__WHAT IS BEING ASKED__. Each entry should be printed exactly, with its images omitted.

__Saved entries__.
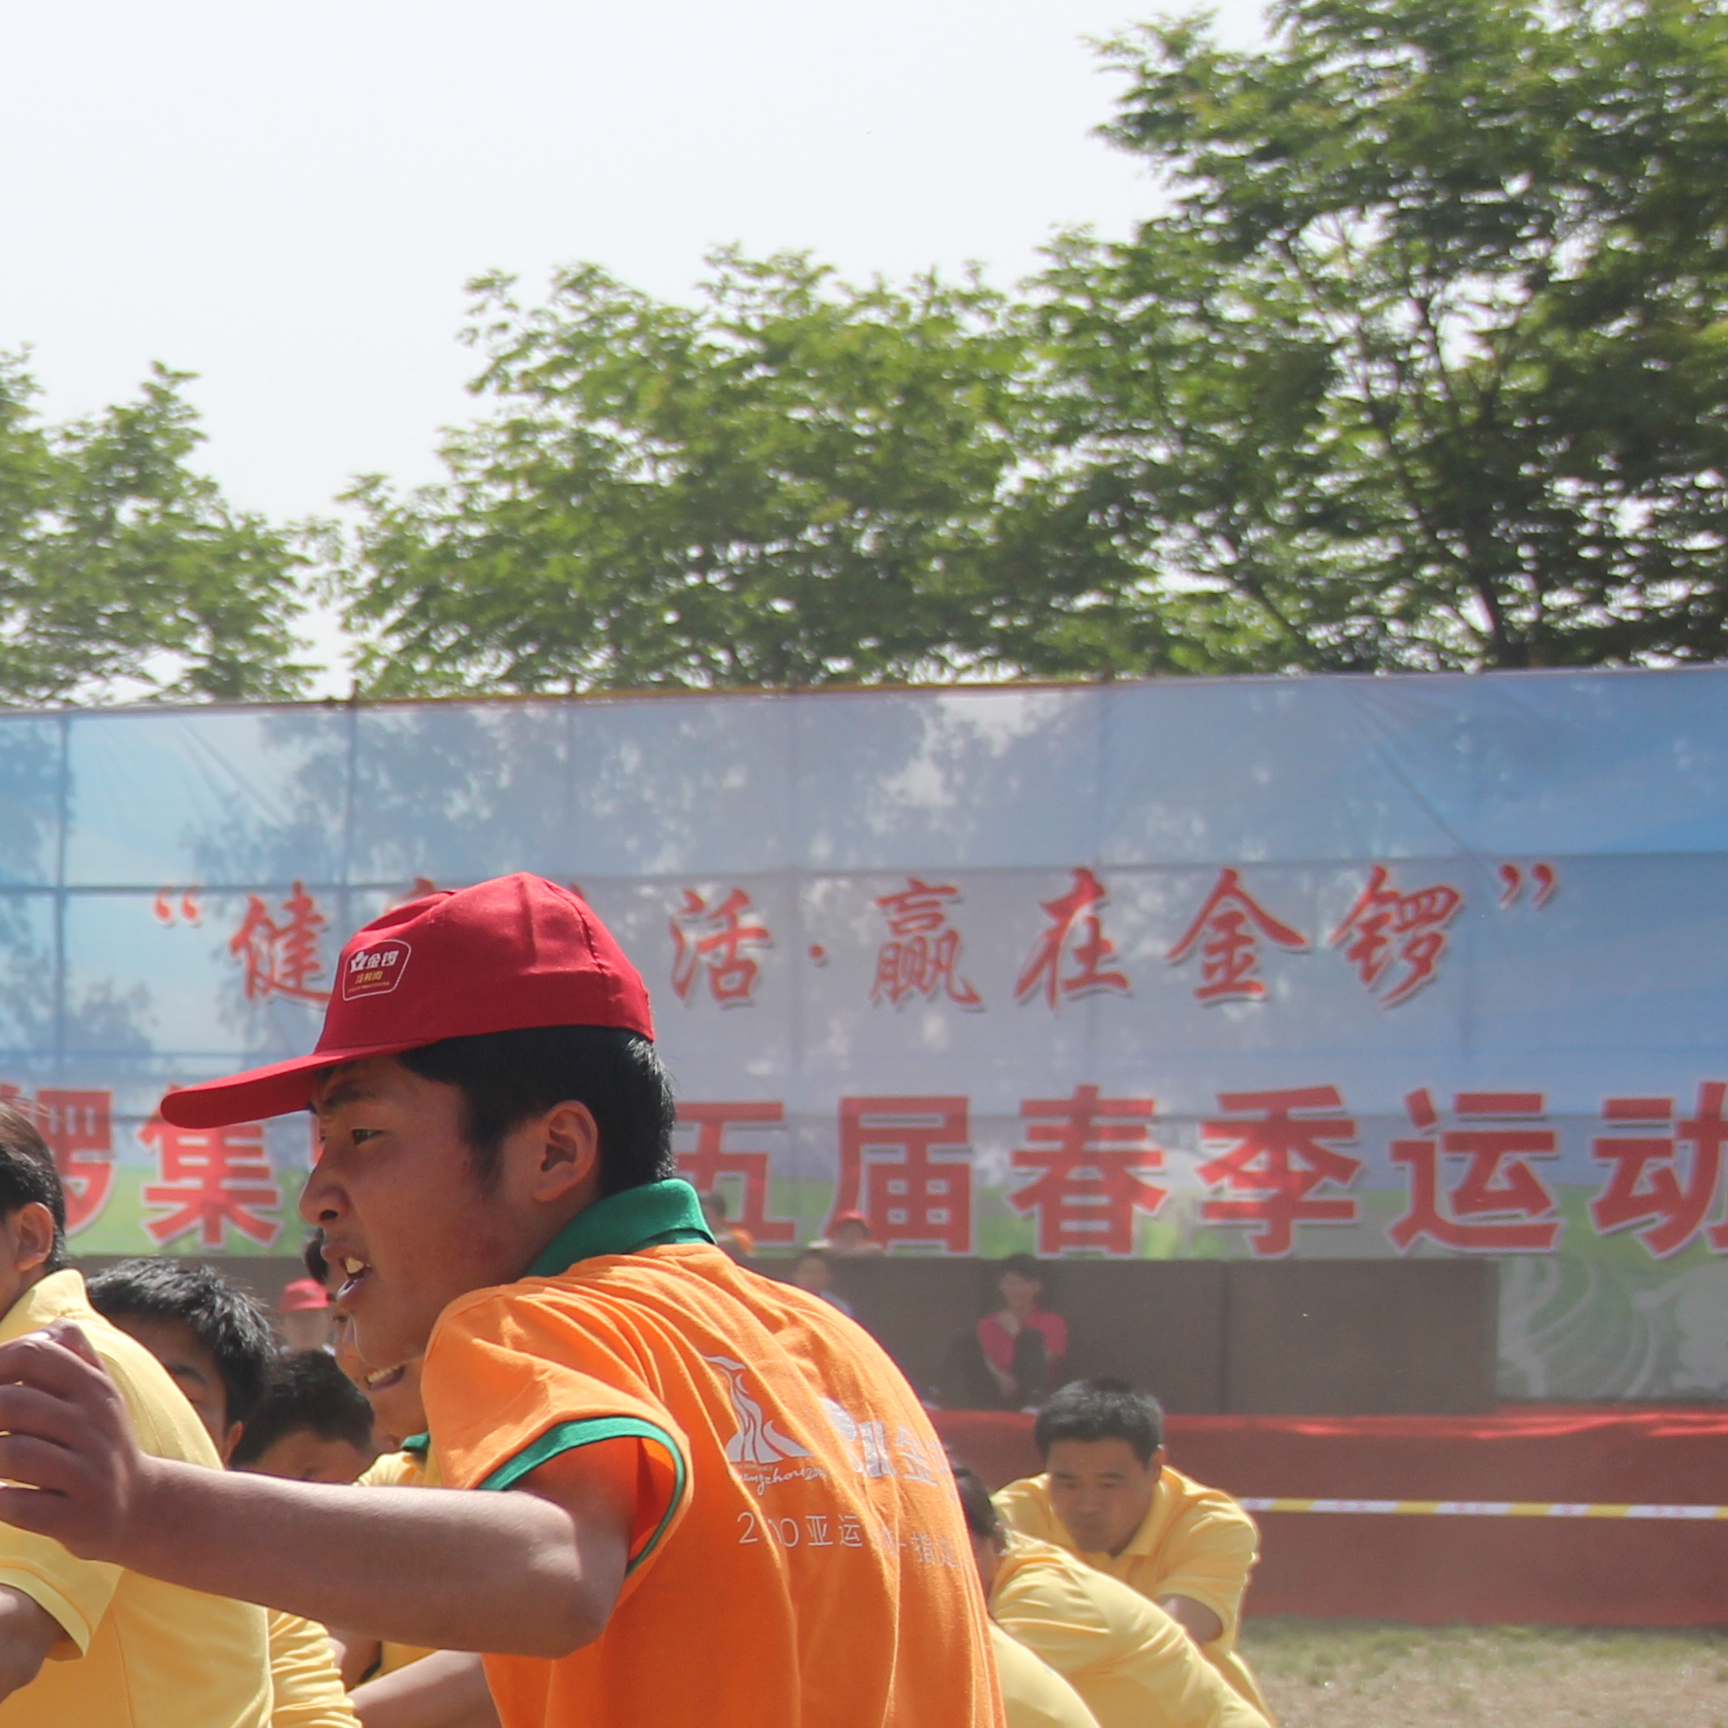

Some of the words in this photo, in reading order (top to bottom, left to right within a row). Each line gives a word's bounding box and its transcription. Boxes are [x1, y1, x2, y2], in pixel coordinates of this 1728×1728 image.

[153, 864, 1557, 1007] “健活·赢在金锣”
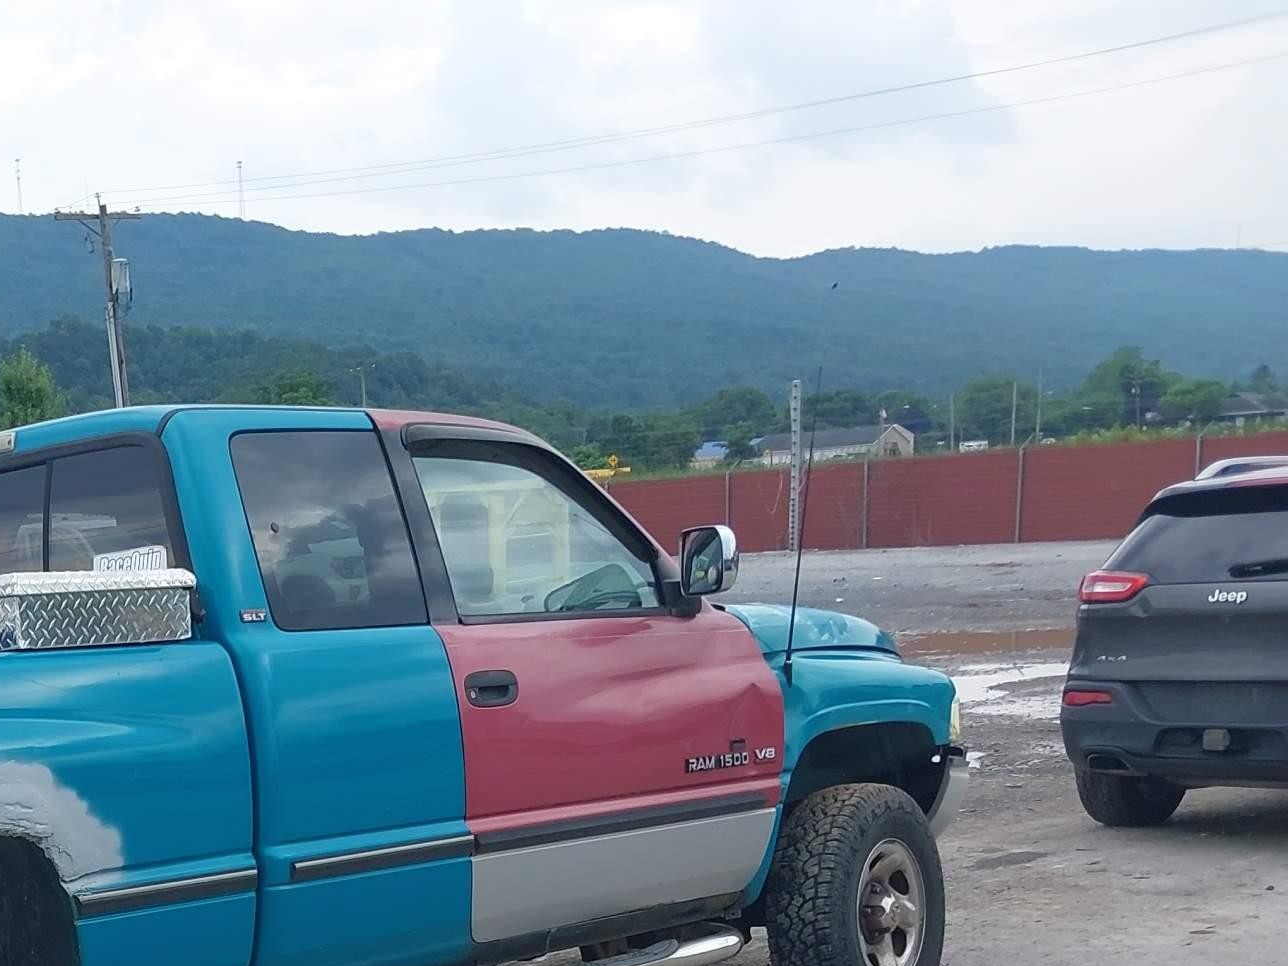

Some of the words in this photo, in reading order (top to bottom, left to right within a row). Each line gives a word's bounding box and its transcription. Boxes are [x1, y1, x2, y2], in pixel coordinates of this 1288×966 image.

[1208, 589, 1247, 604] Jeep
[243, 612, 267, 621] SLT
[688, 757, 716, 772] RAM
[720, 752, 750, 768] 1500
[755, 747, 776, 760] V8
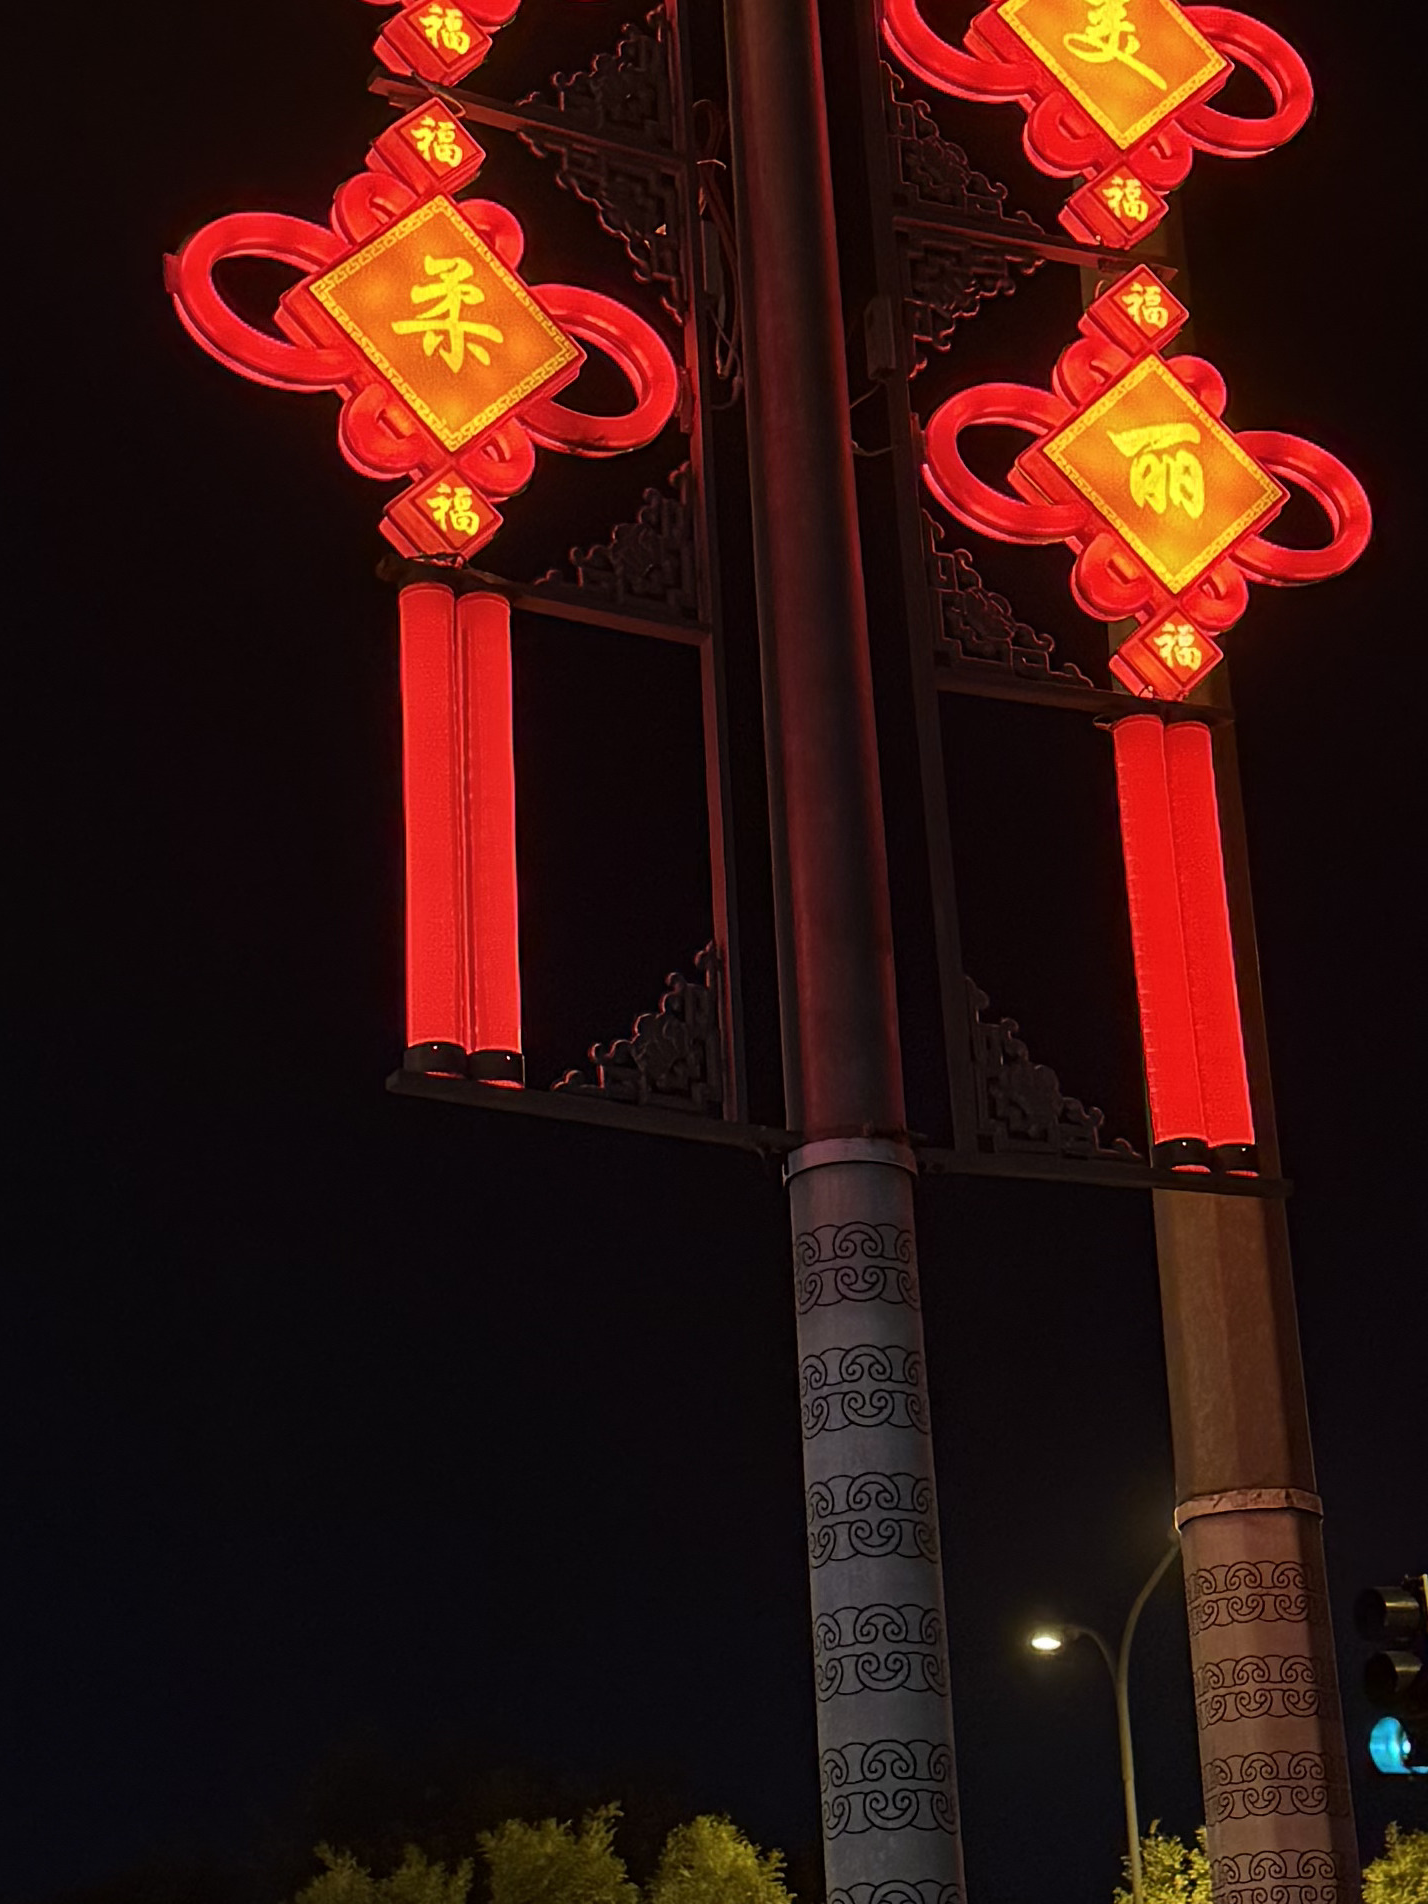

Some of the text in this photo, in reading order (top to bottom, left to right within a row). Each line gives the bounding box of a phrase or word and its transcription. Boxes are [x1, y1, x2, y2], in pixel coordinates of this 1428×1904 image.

__FINAL ANSWER__.
Some of the words in this photo, in reading order (top to bottom, left to right within a row). Each line gives a word's bounding box and its transcription. Boxes are [x1, y1, x2, y2], in pixel coordinates of this 1728×1728 image.

[153, 864, 1557, 1007] “健活·赢在金锣”

Some of the words in this photo, in reading order (top to bottom, left to right within a row). Each line gives a word's bounding box and its transcription. Boxes are [x1, y1, x2, y2], in pixel coordinates of this 1288×966 image.

[1208, 589, 1247, 604] Jeep
[243, 612, 267, 621] SLT
[688, 757, 716, 772] RAM
[720, 752, 750, 768] 1500
[755, 747, 776, 760] V8

Some of the text in this photo, in reading order (top to bottom, left to right within a row). Each line gives the bounding box of a phrase or word and its transcription. Boxes are [x1, y1, x2, y2], in pixel coordinates of this 1428×1904 image.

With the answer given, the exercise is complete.